What is the greatest threat to the church in America today? You could list a lot of candidates.

My answer is DIY Christianity.

That's the term I use with my students to communicate the notion—which they readily recognize—of the Christian faith as recreated anew in, by, and for each generation, or even perhaps each local body of believers. This is Christianity without history, without tradition, without authority, without saints or martyrs or anything mediate, that is, anything intervening (thus obtruding, thus obstructing) between the individual and Jesus. DIY Christianity is "founding" a local church the way entrepreneurs found a start-up, with Big Ideas and Enough With The Old and Radical Innovation. (DIY Christianity thinks "innovation," like "curiosity," is a virtue rather than a vice.)

DIY Christianity is a mortal enemy to the faith once for all delivered to the saints and handed on, generation after generation, from the apostles to the present day. In all that I do—writing and teaching, at church or in the classroom—my singular goal is, so far as I am able, to excise this malignant tumor from the hearts and minds of anyone who will listen.

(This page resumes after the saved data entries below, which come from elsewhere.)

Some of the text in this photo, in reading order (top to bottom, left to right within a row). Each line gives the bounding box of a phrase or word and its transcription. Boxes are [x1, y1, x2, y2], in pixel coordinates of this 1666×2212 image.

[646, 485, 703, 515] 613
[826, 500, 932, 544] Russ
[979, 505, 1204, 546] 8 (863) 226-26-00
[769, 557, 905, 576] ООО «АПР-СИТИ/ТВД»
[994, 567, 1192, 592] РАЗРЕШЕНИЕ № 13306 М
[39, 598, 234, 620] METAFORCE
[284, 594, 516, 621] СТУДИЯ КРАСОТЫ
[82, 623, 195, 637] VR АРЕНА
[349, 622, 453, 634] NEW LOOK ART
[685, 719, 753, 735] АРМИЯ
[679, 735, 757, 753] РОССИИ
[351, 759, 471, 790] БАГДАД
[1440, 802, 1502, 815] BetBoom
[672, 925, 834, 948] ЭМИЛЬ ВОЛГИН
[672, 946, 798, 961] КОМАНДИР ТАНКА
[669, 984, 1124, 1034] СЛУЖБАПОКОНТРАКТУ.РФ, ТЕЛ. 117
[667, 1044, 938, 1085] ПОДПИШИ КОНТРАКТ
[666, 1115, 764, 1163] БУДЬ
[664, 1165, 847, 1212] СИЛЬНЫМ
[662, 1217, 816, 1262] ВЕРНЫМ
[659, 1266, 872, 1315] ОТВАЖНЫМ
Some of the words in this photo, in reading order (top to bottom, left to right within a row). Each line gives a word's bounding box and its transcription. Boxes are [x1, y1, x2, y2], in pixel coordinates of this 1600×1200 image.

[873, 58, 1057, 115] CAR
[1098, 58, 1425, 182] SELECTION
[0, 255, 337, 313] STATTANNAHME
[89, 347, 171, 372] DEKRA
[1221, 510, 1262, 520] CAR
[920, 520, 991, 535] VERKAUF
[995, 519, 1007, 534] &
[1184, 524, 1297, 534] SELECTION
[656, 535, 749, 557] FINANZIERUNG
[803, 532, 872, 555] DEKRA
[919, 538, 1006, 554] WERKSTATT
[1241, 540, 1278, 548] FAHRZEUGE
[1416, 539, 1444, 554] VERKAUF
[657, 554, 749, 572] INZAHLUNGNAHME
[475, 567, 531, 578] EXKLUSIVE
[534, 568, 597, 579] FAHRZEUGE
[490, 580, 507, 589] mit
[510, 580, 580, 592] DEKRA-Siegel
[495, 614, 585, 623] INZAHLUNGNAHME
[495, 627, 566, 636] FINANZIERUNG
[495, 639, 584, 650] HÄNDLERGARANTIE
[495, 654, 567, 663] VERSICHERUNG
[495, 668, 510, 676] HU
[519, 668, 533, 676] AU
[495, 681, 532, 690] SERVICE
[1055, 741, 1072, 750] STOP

In positive terms, what I want is for American Christians today to learn, or relearn, to be catholic: to belong to the one great tradition, the one apostolic faith, the one universal church. To reimagine faith not as something they create or manufacture or curate or judge for themselves, but that to which they submit, in joy, the way one simply receives an unexpected gift, a beloved friend's return, the birth of a child. The faith as a given, and the real matter before us one of how to live that faith today, in the midst of so many challenges.

For catholic faith to reign, and DIY Christianity to die: that is the task before us, and therefore the prayer on my mind and on my lips, every single day.